START GIVEN ENTRIES
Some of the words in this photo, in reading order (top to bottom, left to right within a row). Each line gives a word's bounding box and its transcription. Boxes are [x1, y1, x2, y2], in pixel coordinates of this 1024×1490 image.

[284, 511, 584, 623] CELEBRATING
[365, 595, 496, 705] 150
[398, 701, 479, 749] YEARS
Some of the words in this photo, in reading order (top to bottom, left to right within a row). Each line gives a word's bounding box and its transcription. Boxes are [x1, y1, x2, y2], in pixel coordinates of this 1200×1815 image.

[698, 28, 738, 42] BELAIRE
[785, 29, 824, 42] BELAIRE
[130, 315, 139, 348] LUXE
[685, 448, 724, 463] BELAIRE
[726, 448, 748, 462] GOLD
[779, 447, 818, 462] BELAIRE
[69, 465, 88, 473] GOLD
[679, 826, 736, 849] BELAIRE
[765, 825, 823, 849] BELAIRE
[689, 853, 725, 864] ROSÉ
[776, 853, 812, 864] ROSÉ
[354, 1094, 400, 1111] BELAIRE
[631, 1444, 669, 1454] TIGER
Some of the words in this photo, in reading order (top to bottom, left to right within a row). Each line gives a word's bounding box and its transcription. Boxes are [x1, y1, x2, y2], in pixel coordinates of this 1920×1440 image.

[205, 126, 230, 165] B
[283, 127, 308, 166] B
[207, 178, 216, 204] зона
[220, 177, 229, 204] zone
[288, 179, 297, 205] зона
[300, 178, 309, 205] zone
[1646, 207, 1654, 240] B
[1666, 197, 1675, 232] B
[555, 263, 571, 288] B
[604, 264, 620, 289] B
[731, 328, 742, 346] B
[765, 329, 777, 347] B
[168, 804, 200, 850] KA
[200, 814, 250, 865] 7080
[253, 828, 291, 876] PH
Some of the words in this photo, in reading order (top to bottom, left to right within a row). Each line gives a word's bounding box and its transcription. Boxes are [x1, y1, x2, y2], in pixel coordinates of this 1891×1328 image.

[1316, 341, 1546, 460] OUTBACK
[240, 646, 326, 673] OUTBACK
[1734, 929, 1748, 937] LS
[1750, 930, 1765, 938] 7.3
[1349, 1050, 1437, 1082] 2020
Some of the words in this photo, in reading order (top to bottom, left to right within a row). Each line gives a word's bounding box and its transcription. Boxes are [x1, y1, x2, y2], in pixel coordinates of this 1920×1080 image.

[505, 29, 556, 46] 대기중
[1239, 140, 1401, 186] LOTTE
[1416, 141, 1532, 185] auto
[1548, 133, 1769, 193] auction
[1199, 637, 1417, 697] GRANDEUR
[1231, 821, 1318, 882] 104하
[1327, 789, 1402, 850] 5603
END GIVEN ENTRIES
Copy each line of the records verbatim.

### EXERCISE RESPONSE
Some of the words in this photo, in reading order (top to bottom, left to right within a row). Each line gives a word's bounding box and its transcription. Boxes are [x1, y1, x2, y2], in pixel coordinates of this 1024×1490 image.

[284, 511, 584, 623] CELEBRATING
[365, 595, 496, 705] 150
[398, 701, 479, 749] YEARS
Some of the words in this photo, in reading order (top to bottom, left to right within a row). Each line gives a word's bounding box and its transcription. Boxes are [x1, y1, x2, y2], in pixel coordinates of this 1200×1815 image.

[698, 28, 738, 42] BELAIRE
[785, 29, 824, 42] BELAIRE
[130, 315, 139, 348] LUXE
[685, 448, 724, 463] BELAIRE
[726, 448, 748, 462] GOLD
[779, 447, 818, 462] BELAIRE
[69, 465, 88, 473] GOLD
[679, 826, 736, 849] BELAIRE
[765, 825, 823, 849] BELAIRE
[689, 853, 725, 864] ROSÉ
[776, 853, 812, 864] ROSÉ
[354, 1094, 400, 1111] BELAIRE
[631, 1444, 669, 1454] TIGER
Some of the words in this photo, in reading order (top to bottom, left to right within a row). Each line gives a word's bounding box and its transcription. Boxes are [x1, y1, x2, y2], in pixel coordinates of this 1920×1440 image.

[205, 126, 230, 165] B
[283, 127, 308, 166] B
[207, 178, 216, 204] зона
[220, 177, 229, 204] zone
[288, 179, 297, 205] зона
[300, 178, 309, 205] zone
[1646, 207, 1654, 240] B
[1666, 197, 1675, 232] B
[555, 263, 571, 288] B
[604, 264, 620, 289] B
[731, 328, 742, 346] B
[765, 329, 777, 347] B
[168, 804, 200, 850] KA
[200, 814, 250, 865] 7080
[253, 828, 291, 876] PH
Some of the words in this photo, in reading order (top to bottom, left to right within a row). Each line gives a word's bounding box and its transcription. Boxes are [x1, y1, x2, y2], in pixel coordinates of this 1891×1328 image.

[1316, 341, 1546, 460] OUTBACK
[240, 646, 326, 673] OUTBACK
[1734, 929, 1748, 937] LS
[1750, 930, 1765, 938] 7.3
[1349, 1050, 1437, 1082] 2020
Some of the words in this photo, in reading order (top to bottom, left to right within a row). Each line gives a word's bounding box and its transcription. Boxes are [x1, y1, x2, y2], in pixel coordinates of this 1920×1080 image.

[505, 29, 556, 46] 대기중
[1239, 140, 1401, 186] LOTTE
[1416, 141, 1532, 185] auto
[1548, 133, 1769, 193] auction
[1199, 637, 1417, 697] GRANDEUR
[1231, 821, 1318, 882] 104하
[1327, 789, 1402, 850] 5603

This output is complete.